Every entry below should be printed exactly, without its images.

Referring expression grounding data
Content starts

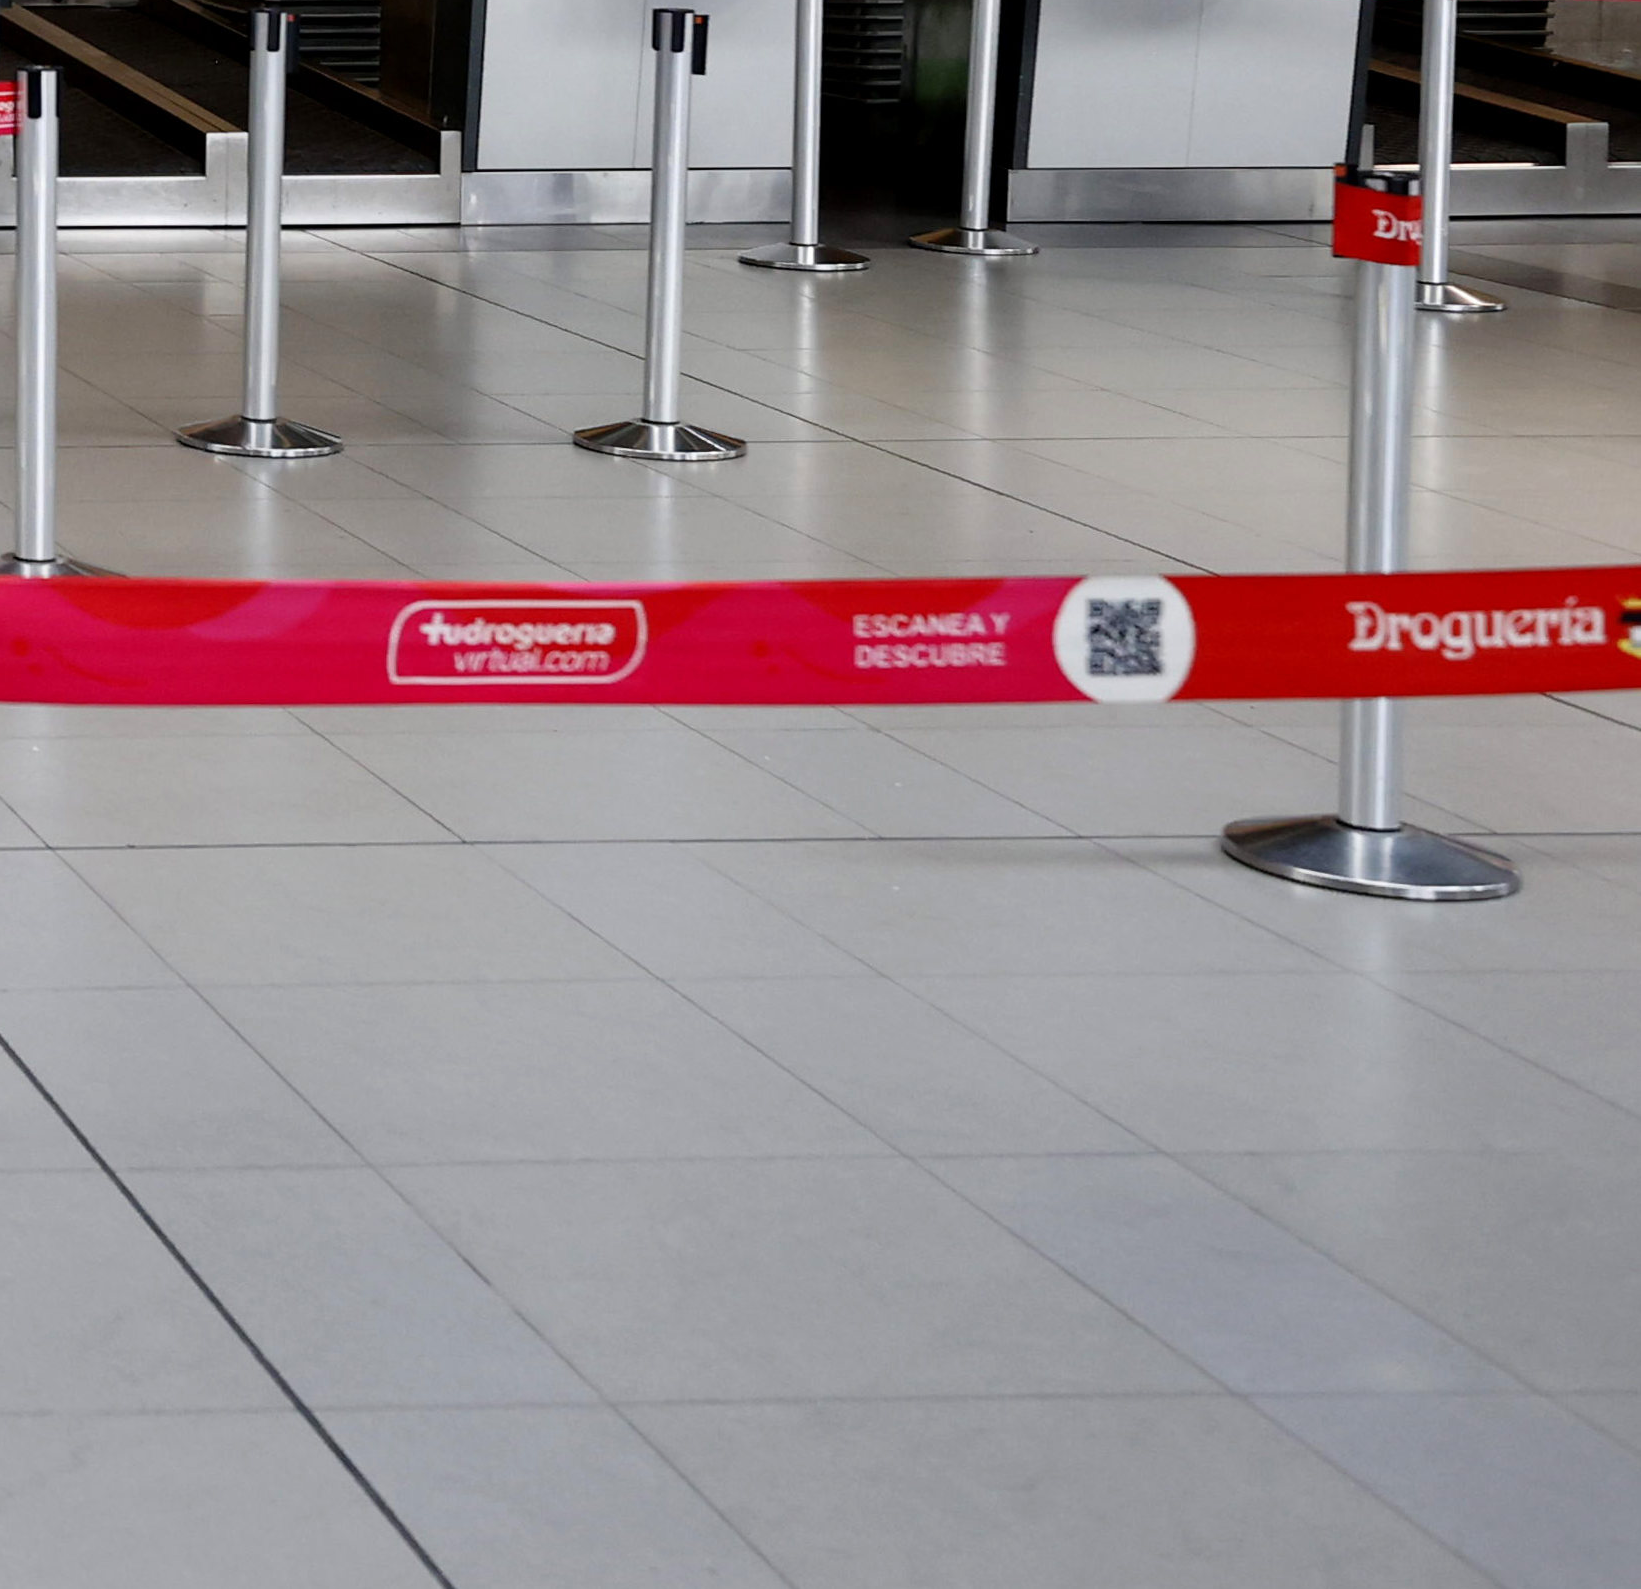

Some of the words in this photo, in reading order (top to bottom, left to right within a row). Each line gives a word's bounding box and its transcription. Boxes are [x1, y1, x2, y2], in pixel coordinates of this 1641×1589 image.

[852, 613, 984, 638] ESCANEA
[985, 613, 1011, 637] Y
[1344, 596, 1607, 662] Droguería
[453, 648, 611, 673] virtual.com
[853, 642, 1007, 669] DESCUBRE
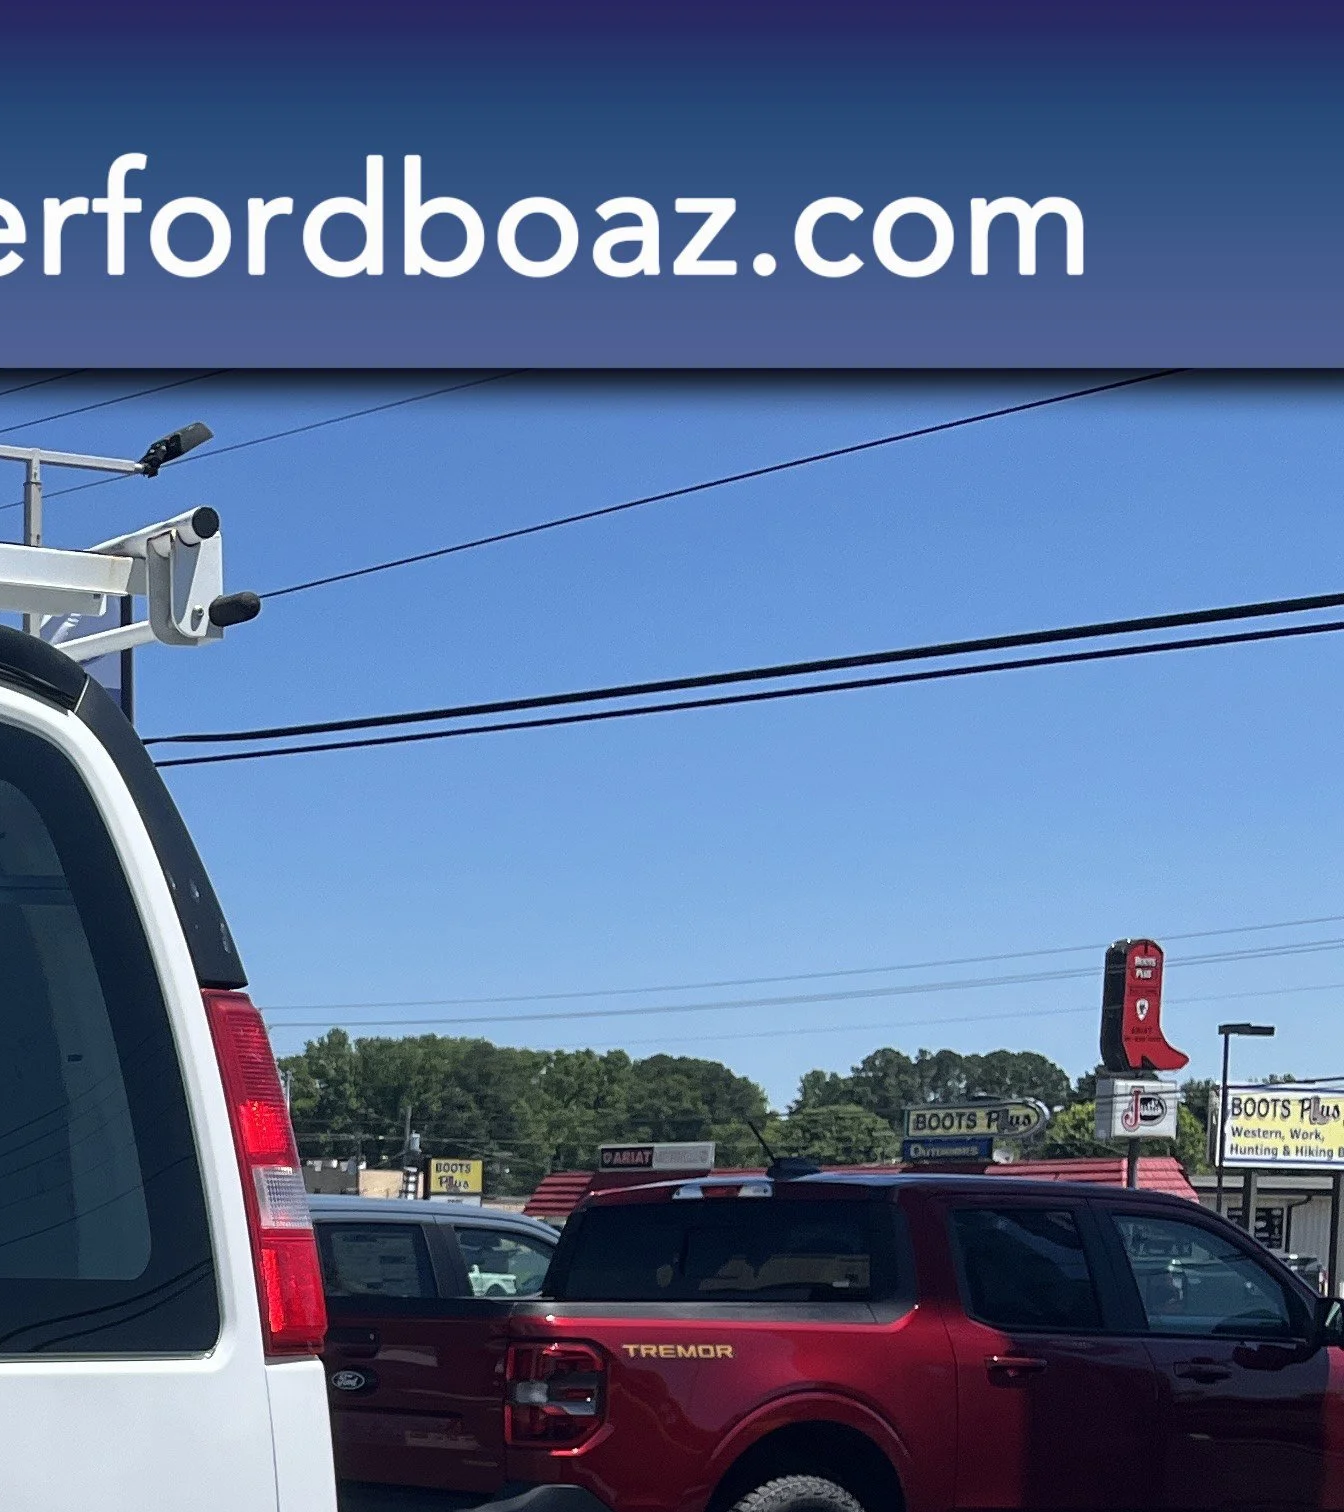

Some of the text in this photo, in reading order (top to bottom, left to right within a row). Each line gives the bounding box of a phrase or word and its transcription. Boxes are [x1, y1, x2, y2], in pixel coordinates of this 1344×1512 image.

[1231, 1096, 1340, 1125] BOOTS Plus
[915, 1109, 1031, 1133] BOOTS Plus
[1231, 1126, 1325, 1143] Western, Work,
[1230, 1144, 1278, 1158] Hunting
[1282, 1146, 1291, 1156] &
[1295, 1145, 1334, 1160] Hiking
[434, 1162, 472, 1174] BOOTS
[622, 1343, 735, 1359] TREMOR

Content ends

• [SOLUTION FOR THIS TASK]
Some of the words in this photo, in reading order (top to bottom, left to right within a row). Each line gives a word's bounding box and its transcription. Boxes are [x1, y1, x2, y2], in pixel coordinates of this 1641×1589 image.

[852, 613, 984, 638] ESCANEA
[985, 613, 1011, 637] Y
[1344, 596, 1607, 662] Droguería
[453, 648, 611, 673] virtual.com
[853, 642, 1007, 669] DESCUBRE

Some of the text in this photo, in reading order (top to bottom, left to right within a row). Each line gives the bounding box of a phrase or word and its transcription. Boxes are [x1, y1, x2, y2], in pixel coordinates of this 1344×1512 image.

[1231, 1096, 1340, 1125] BOOTS Plus
[915, 1109, 1031, 1133] BOOTS Plus
[1231, 1126, 1325, 1143] Western, Work,
[1230, 1144, 1278, 1158] Hunting
[1282, 1146, 1291, 1156] &
[1295, 1145, 1334, 1160] Hiking
[434, 1162, 472, 1174] BOOTS
[622, 1343, 735, 1359] TREMOR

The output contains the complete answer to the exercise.